Indeed, Childhood’s End is so outstanding among Clarke’s work that it has its own Wikipedia entry.

I’m pretty sure I read the book, but I honestly don’t remember it. My science fiction reading was done mostly in my late teens and I consumed a lot of Clarke’s work. Rendezvous with Rama remains my favorite of his books. But when so many people on Twitter were raving about Childhood’s End, I made a mental note to track it down and read it (again).

Time passed. I’ve halted all book buying in an effort to stem the tide of incoming clutter at my home. I wanted to read something other than the books on my reading pile. Something to escape the real world. And I remembered Childhood’s End.

So I visited Wickenburg’s Public Library to pick up a copy.

And was surprised to learn that they didn’t have it.

Not that it was simply out on loan. They just didn’t have the book in the library.

They had 2001, 2010, 2061, and even 3001 (which I didn’t even know existed). And there was another Clarke title on the shelf — although it wasn’t listed in the computerized card catalog. But no Childhood’s End — which many consider his best work. No Rama, either.

I was disappointed, but not terribly surprised. They didn’t have Carl Sagan’s Contact, either. That book had been made into a movie starring Jody Foster. You’d expect it to be present on the shelves, but … well, I’ll get to my reason why in a moment.

I looked around the library for what they did have. The New Arrivals section bore little resemblance to the New Arrivals tables at the Barnes and Noble I visit near our Phoenix place. Those were new, noteworthy books. I only found one of them in Wickenburg: The Murder of King Tut by James Patterson. I grabbed it. There was very little fiction and much of the fiction they did have had Christian crosses on the binding. That’s Wickenburg’s way of noting that a book is Christian literature. They do the same thing with mysteries and science fiction, but the New Arrivals area had far more crosses on bindings than other symbols.

I wandered back to the paranormal section of the nonfiction shelves, hoping to find some of the books I’d seen listed on various skeptics sites. To their credit, they had Flim Flam! by James Randi — an excellent read that I reviewed here. But that was the only title for skeptics. Meanwhile, they had over two dozen titles by Sylvia Browne. And the health section was stuffed with books about unproven remedies and health regimens.

I wandered back toward fiction and started actually looking at the bindings. That’s when I started noticing that there was an unusually high percentage of books with that Christian cross on it. Christian fiction. The library was full of it.

But it only had four books by Arthur C. Clarke.

I looked around. Other than a young woman surfing the net on her MacBook Pro, I was the youngest patron in the place. I’m in my 40s. The rest of the patrons were 60+.

I went to the desk and asked if the library could get books from other libraries in Maricopa County. I was told no, the library is run by the Town of Wickenburg and is separate.
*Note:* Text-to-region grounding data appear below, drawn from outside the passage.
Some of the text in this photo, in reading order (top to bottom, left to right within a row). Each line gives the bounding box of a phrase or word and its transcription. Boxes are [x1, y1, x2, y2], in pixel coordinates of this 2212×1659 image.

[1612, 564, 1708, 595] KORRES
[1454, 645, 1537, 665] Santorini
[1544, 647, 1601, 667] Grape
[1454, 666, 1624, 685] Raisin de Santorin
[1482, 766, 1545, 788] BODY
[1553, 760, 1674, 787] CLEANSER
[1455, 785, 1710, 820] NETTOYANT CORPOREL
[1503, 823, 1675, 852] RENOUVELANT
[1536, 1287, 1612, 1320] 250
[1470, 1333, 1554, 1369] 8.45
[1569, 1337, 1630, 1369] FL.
I asked why the library didn’t become part of the Maricopa County library system. I was told that then Wickenburg would be told what books it had to carry.
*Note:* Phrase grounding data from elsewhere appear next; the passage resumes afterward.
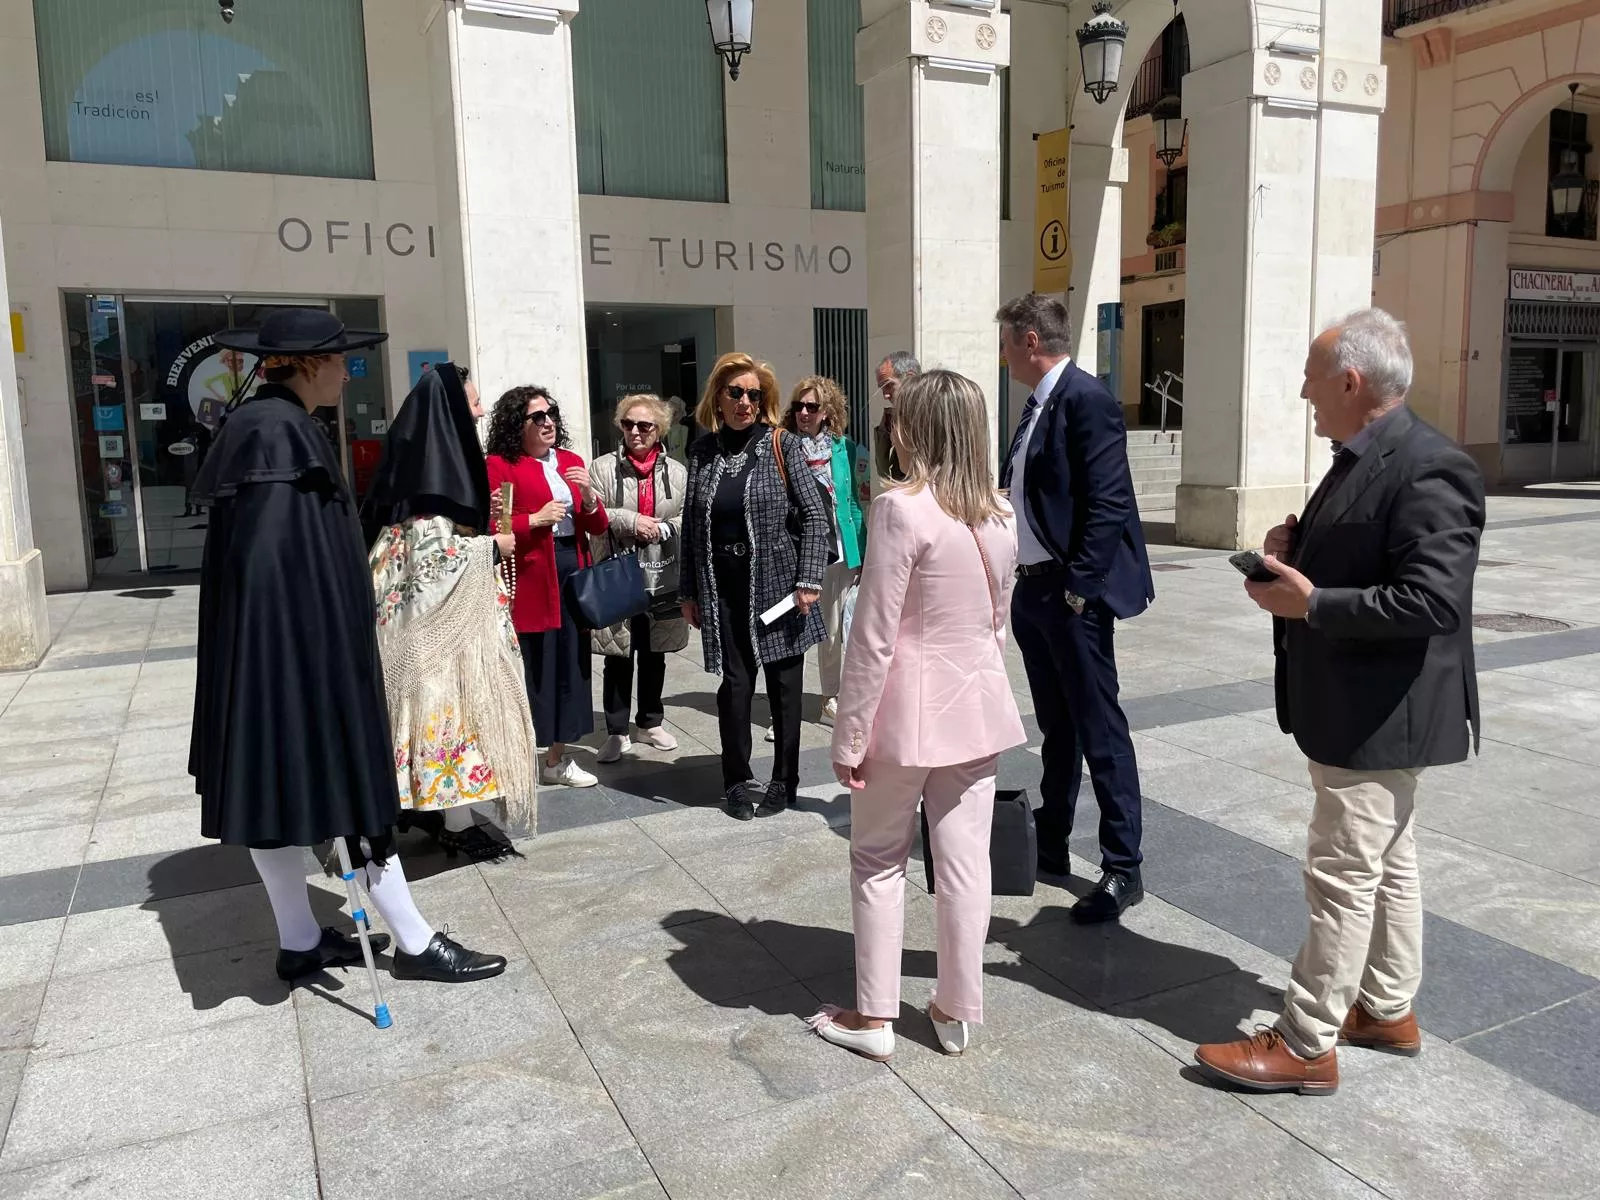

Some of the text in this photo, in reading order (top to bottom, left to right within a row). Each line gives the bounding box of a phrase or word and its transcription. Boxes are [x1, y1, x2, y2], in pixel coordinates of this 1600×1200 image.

[72, 101, 150, 120] Tradición
[1043, 156, 1067, 169] Oficina
[1057, 168, 1066, 178] de
[278, 217, 852, 274] OFICI E TURISMO
[1513, 271, 1573, 292] CHACINERIA
[166, 334, 215, 388] BIENVENI
[615, 382, 653, 391] Por la otra
“Maybe that wouldn’t be such a bad thing,” I said.

“Yes, it would,” the librarian replied. “We know what our patrons want to read.”

They do? Sure fooled me.

I’m a patron, but I don’t want to read any of the Christian fiction and pro pseudoscience crap that fills the shelves. I want to read bestsellers, the classics, and award-winning fiction. I want to read non-fiction that educates me about science and philosophy and opens my mind to critical thinking.

Clearly, I’m not going to get any of that at Wickenburg Library.

And that brings me back to my suspicions on why Contact and more books by Arthur C. Clarke and other thought-provoking authors are not in the library: the themes of these books have the audacity to suggest that there might not be a God. That the meaning of life might be something beyond what’s in the Bible. That science and a reality based on known facts are important to our survival as a species or civilization, more important than man’s religions.

Censorship at our local library? I’m convinced. Why else would they refuse to be a part of one of the biggest library systems in the state?

And my tax dollars are paying for this?

When I asked whether I could get a Maricopa County library card, the librarian confirmed that I could — but not there. “Aguila has a branch,” she told me.

Aguila is a farming community 25 miles west of Wickenburg. I’d estimate that at least 25% of the population doesn’t even speak English. Most people live in trailer homes. It’s a sad, depressed community with nothing much to offer. The possibility that it might have a better library than Wickenburg boggles my mind.

“If you get a Maricopa County library card, it’ll cost us money,” the librarian said. It was almost as if she were asking me not to, just to save them a few bucks.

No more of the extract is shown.